La question qui ne cesse de se poser dans le cadre du contexte actuel en guinée et dans le monde est celle de savoir si le débiteur d’une obligation peut invoquer le Covid-19 en tant que nouvelle épidémie sanitaire et ou les mesures que ce virus a impliquées comme constituant un cas de force majeure pour suspendre l’exécution de son obligation ou solliciter la résolution du contrat le cas échéant.

La force majeure est prévue à l’article 1104 du code civil, qui dispose :

« Il y a force majeure en matière contractuelle lorsqu’un événement échappant au contrôle du débiteur, qui ne pouvait être raisonnablement prévu lors de la conclusion du contrat et dont les effets ne peuvent être évités par des mesures appropriées, empêche l’exécution de son obligation par le débiteur.

Si l’empêchement est temporaire, l’exécution de l’obligation est suspendue à moins que le retard qui en résulterait ne justifie la résolution du contrat. Si l’empêchement est définitif, le contrat est résolu de plein droit et les parties sont libérées de leurs obligations dans les conditions prévues aux articles 1088 ».

Il existe ainsi un évènement de force majeure si trois conditions sont remplies :

(i) L’évènement échappe au contrôle du débiteur,
(ii) Il ne pouvait être raisonnablement prévu au moment de la conclusion du contrat et
(iii) Les effets de cet évènement ne peuvent être évités par des mesures appropriées.

On retrouve là les critères habituellement retenus par les tribunaux d’extériorité, d’imprévisibilité et d’irrésistibilité pour qualifier un évènement de force majeure.
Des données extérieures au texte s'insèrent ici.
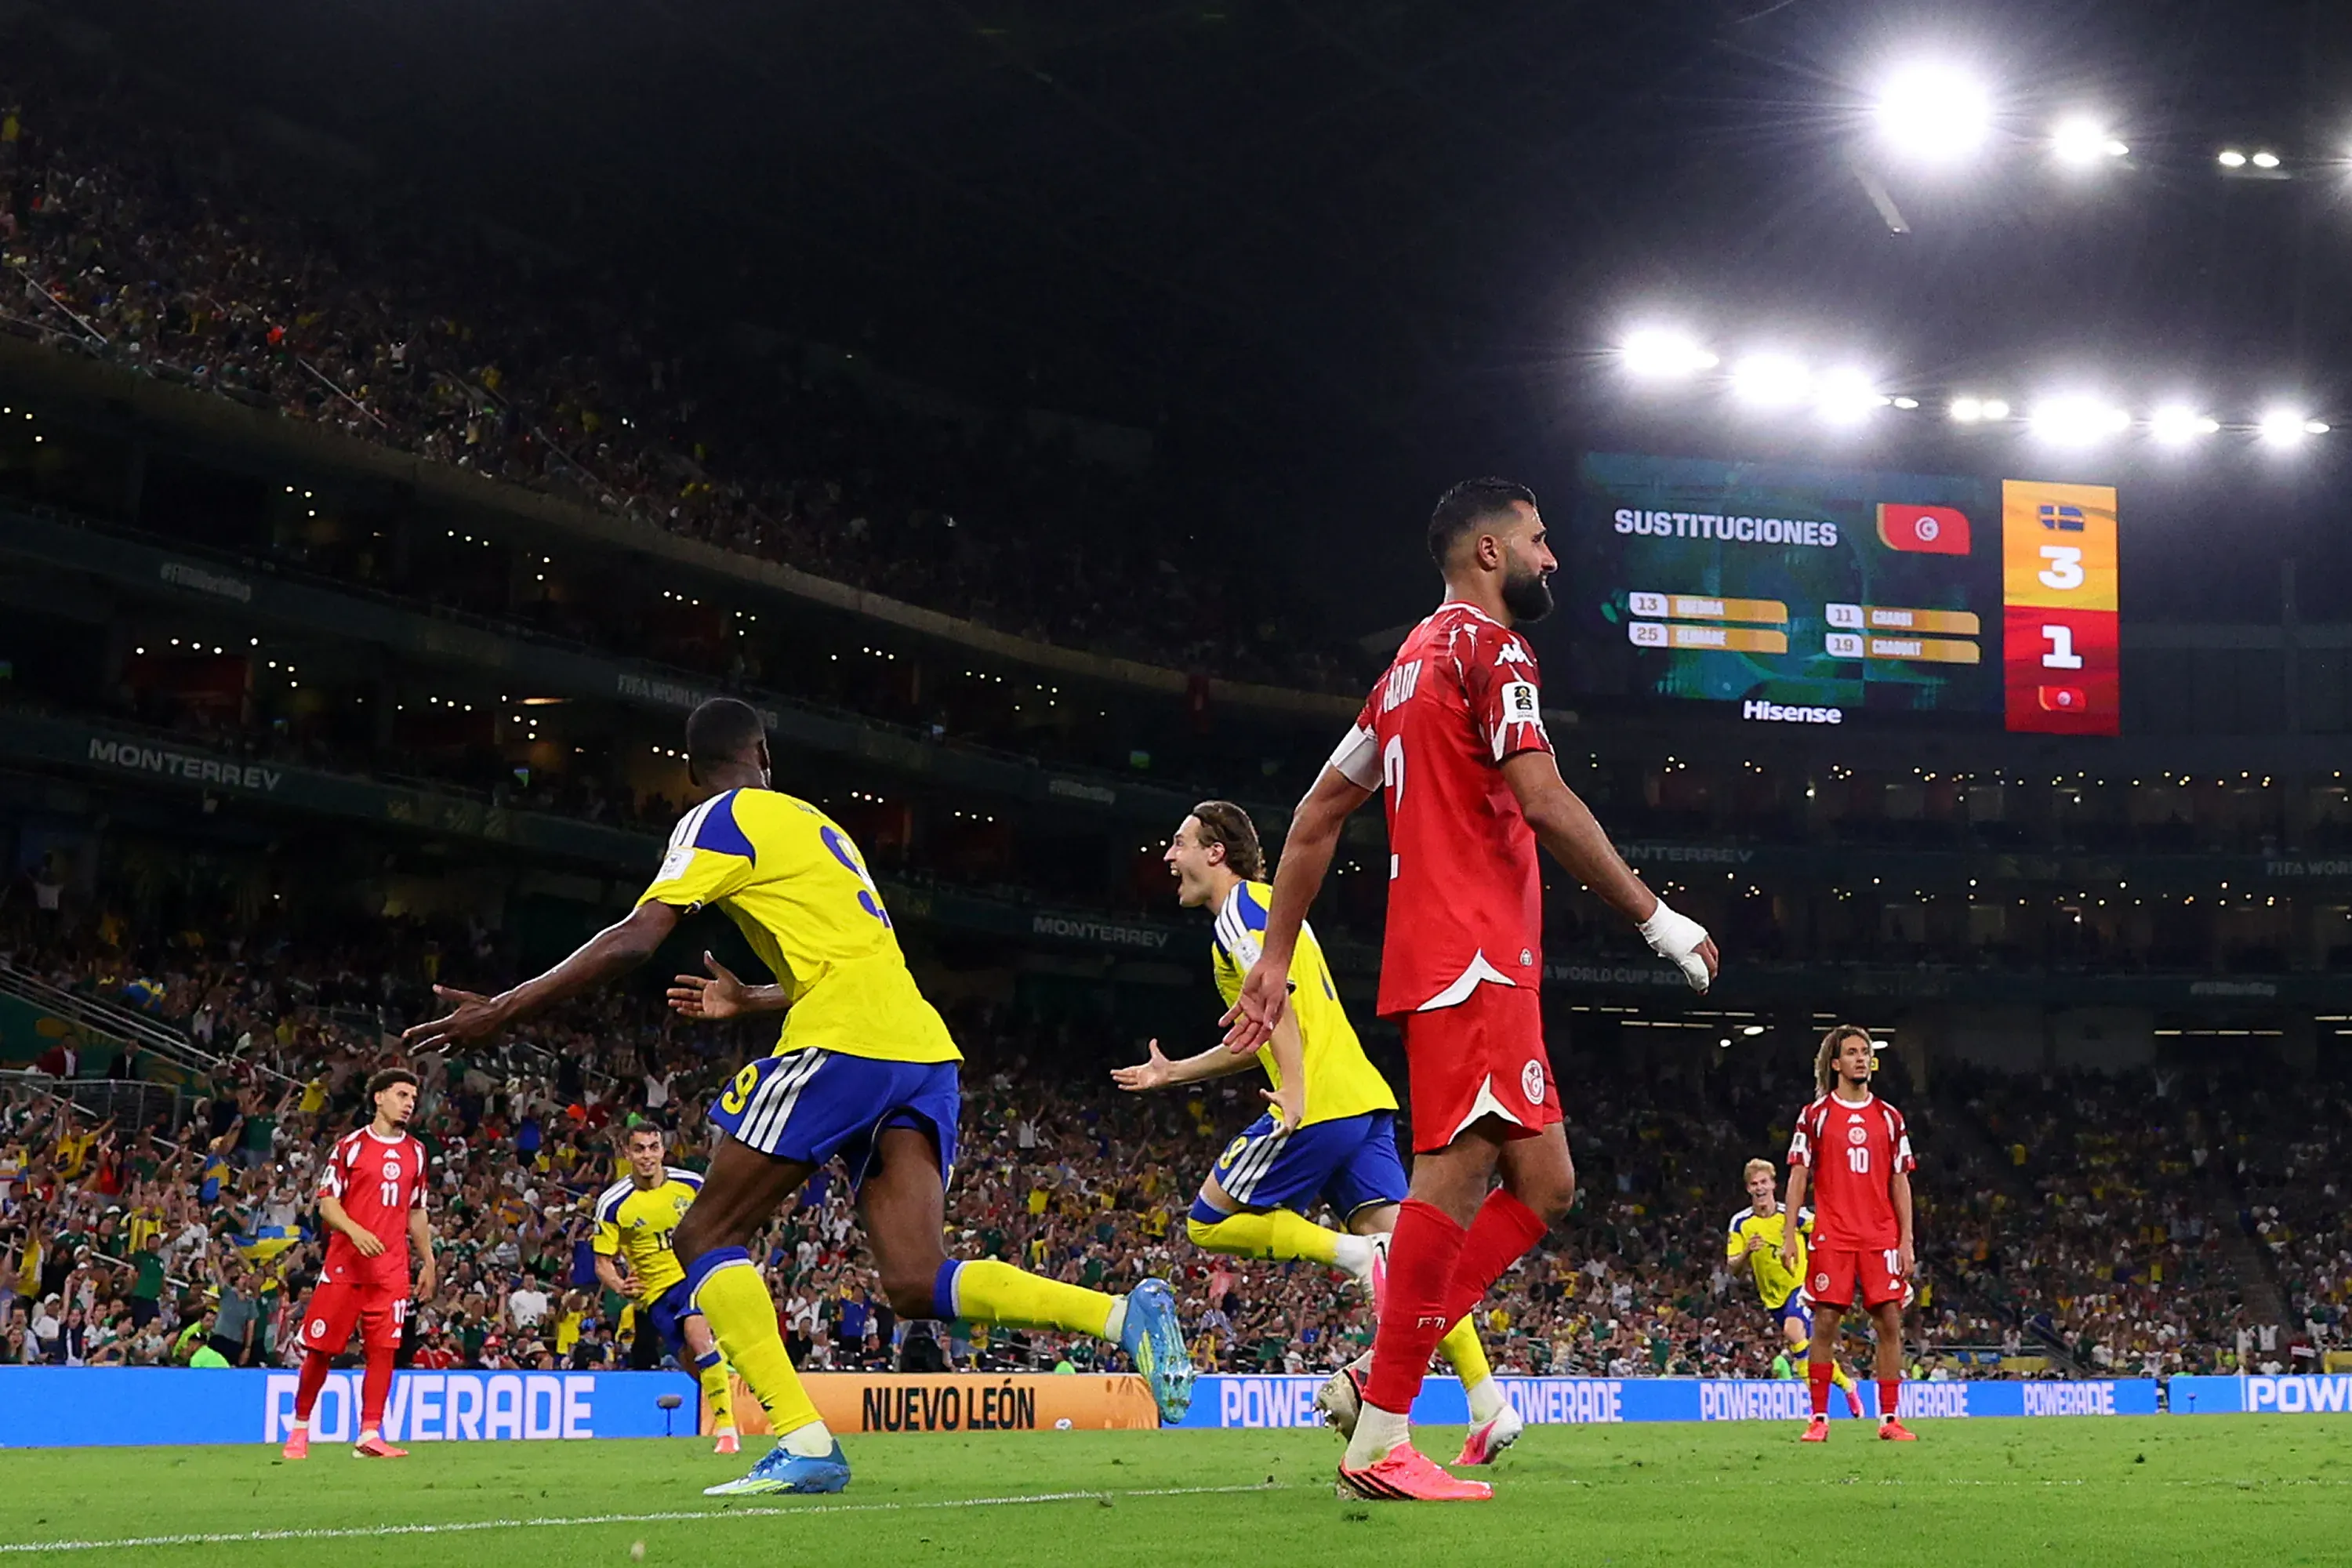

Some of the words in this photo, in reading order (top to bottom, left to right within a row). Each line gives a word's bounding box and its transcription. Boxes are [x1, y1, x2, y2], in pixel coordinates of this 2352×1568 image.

L’évènement ainsi défini doit enfin empêcher l’exécution d’une ou plusieurs obligation(s).

Nous examinerons dans un premier temps les mesures exceptionnelles et dans un second temps l’effet de Covid-19 sur les relations contractuelles.
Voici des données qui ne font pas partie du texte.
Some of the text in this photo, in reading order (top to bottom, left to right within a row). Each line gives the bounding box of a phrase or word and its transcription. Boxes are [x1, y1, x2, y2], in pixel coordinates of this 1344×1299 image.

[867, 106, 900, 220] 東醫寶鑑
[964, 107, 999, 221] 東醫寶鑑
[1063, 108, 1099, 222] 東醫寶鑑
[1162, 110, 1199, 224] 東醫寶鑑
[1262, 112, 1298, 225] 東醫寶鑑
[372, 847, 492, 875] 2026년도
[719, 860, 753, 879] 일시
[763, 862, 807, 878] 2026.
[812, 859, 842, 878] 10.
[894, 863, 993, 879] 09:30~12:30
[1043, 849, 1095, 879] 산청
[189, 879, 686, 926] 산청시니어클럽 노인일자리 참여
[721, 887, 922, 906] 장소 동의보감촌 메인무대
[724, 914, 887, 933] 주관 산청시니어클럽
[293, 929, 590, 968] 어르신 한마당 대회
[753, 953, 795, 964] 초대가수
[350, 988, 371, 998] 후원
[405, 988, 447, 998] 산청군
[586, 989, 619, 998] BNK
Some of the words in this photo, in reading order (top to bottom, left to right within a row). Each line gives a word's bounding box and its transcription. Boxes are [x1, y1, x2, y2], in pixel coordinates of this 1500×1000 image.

I- Les mesures exceptionnelles Covid 19.

L’état d’exception désigne de façon générale, des situations ou le droit commun est suspendu, ce qui peut se référer à des cas juridiques distincts, tels que l’état d’urgence, l’état de guerre, l’état de siège, la loi martiale etc… ; pour ce qui est de la situation de covid-19, il a été déclaré l’état d’urgence sanitaire ce qui, a entrainé des mesures restrictives prises par les autorités dont le confinement, le couvre-feu, les fermetures de commerces, l’interdiction de rassemblement.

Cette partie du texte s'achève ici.